In Maryland, the Financial Consumer Protection Commission is recommending that a “fiduciary duty standard” be placed on broker-dealers and insurance agents doing business in the state.
The commission cited the failure to enact financial regulations by state and federal officials as reasons to get tough on brokers and agents.
“Since [the] SEC and the state insurance regulators have proposed standards that largely preserve the status quo, individual states may need to provide greater protections that investors expect from financial professionals who provide investment advice,” the report reads.
State Sen. James Rosapepe introduced a bill extending the fiduciary duty standard in 2018, but parts of it were tabled after financial industry lobbyists raised concerns. Rosapepe re-introduced the Financial Consumer Protection Act of 2019 last month.
The American Retirement Association was one of those groups that has concerns with the bill, said Andrew Remo, legislative affairs director for the ARA.
The main concern is that new rules will fail to harmonize with the Employee Retirement Income Security Act of 1974. The pre-emption clause in ERISA ensures that the federal statute supercedes any state laws relating to employee benefit plans.
If state laws conflict with ERISA standards, it will create problems for advisors attempting to comply, Remo said.
So far, Maryland officials have not shown “any sort of acknowledgement of the fact that ERISA advice is already subject to a federal fiduciary standard,” Remo explained.
Other states are also writing bills that conflict with the pre-emption clause, Remo said.

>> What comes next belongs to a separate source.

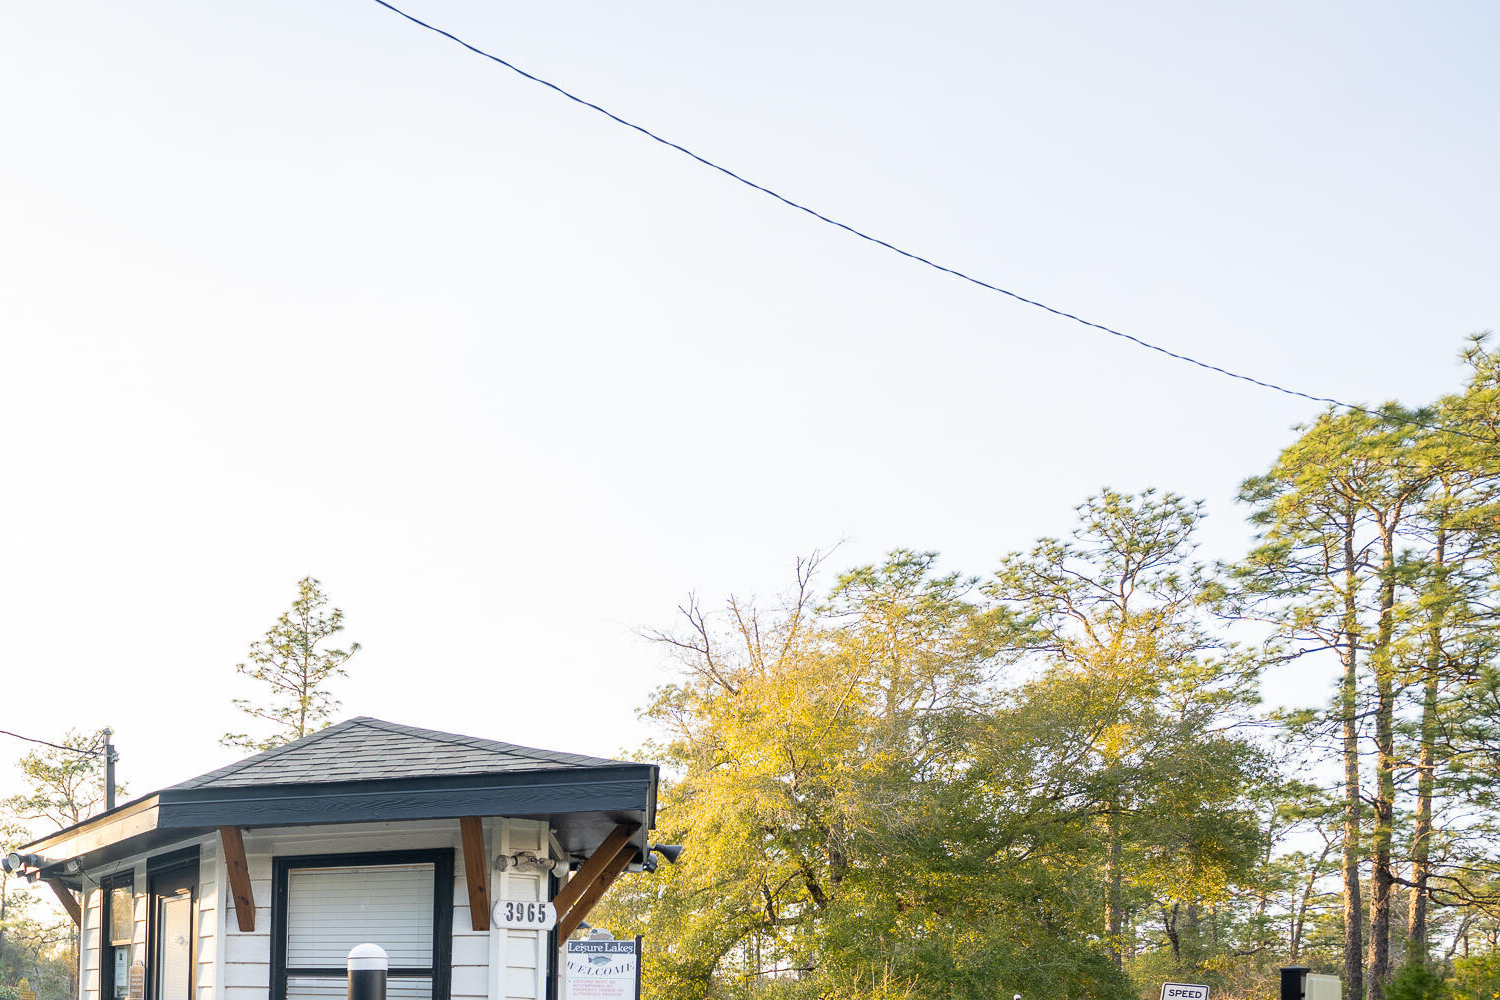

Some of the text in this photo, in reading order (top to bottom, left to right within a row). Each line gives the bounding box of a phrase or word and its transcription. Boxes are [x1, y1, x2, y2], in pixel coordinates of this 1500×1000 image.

“Ultimately, I think if states continue to ignore that, I think there’s a strong legal case to be made that there needs to be a carve-out here for ERISA plans,” Remo said.
Nevada regulators shocked the industry in early January 2019 when it released tough draft fiduciary regulations on broker-dealers and registered representatives.
With some calling the latest state regs tougher than the Securities and Exchange Commission’s best-interest proposal, it isn’t all bad news for those who sell annuities in Nevada.
For one thing, commissions remain acceptable under the draft proposal, say experts from Stradley-Ronon’s Fiduciary Governance Team.
“Commissions are seemingly preserved as a method of compensation, but the Proposal imposes ‘best interest’ and ‘reasonable compensation’ requirements,” write lawyers for Stradley-Ronon, a Philadelphia law firm.
Comments were due March 1 on the rules, which fill in the details of a 2017 law passed by the legislature and signed by then-Gov. Brian Sandoval, a Republican.
Critics say the Nevada rules lack details and definitions, a common complaint.
Under the proposal, broker-dealers and sales representatives are subject to a fiduciary duty when providing investment advice. But there’s an Episodic Fiduciary Duty Exemption for BDs and reps that qualify.
The exemption states that their fiduciary duty ends after giving the advice. But reps cannot qualify for the exemption if they hold themselves out as any of the following: “advisor,” “adviser,” “financial planner,” “financial consultant,” “retirement consultant,” “retirement planner,” “wealth manager,” “counselor” or any other title the state deems appropriate.
Barbara Roper, director of investor protection at the Consumer Federation of America, is bullish in the Nevada proposal.
“There’s a lot that we like about the Nevada proposal, particularly with regard to the scope of its coverage,” she said. “The SEC can and should learn from how Nevada handles issues related to ongoing duty, hat-switching, holding out, and recommendations regarding account type.”
Like the SEC rules, the Nevada proposal does not apply to insurance agents.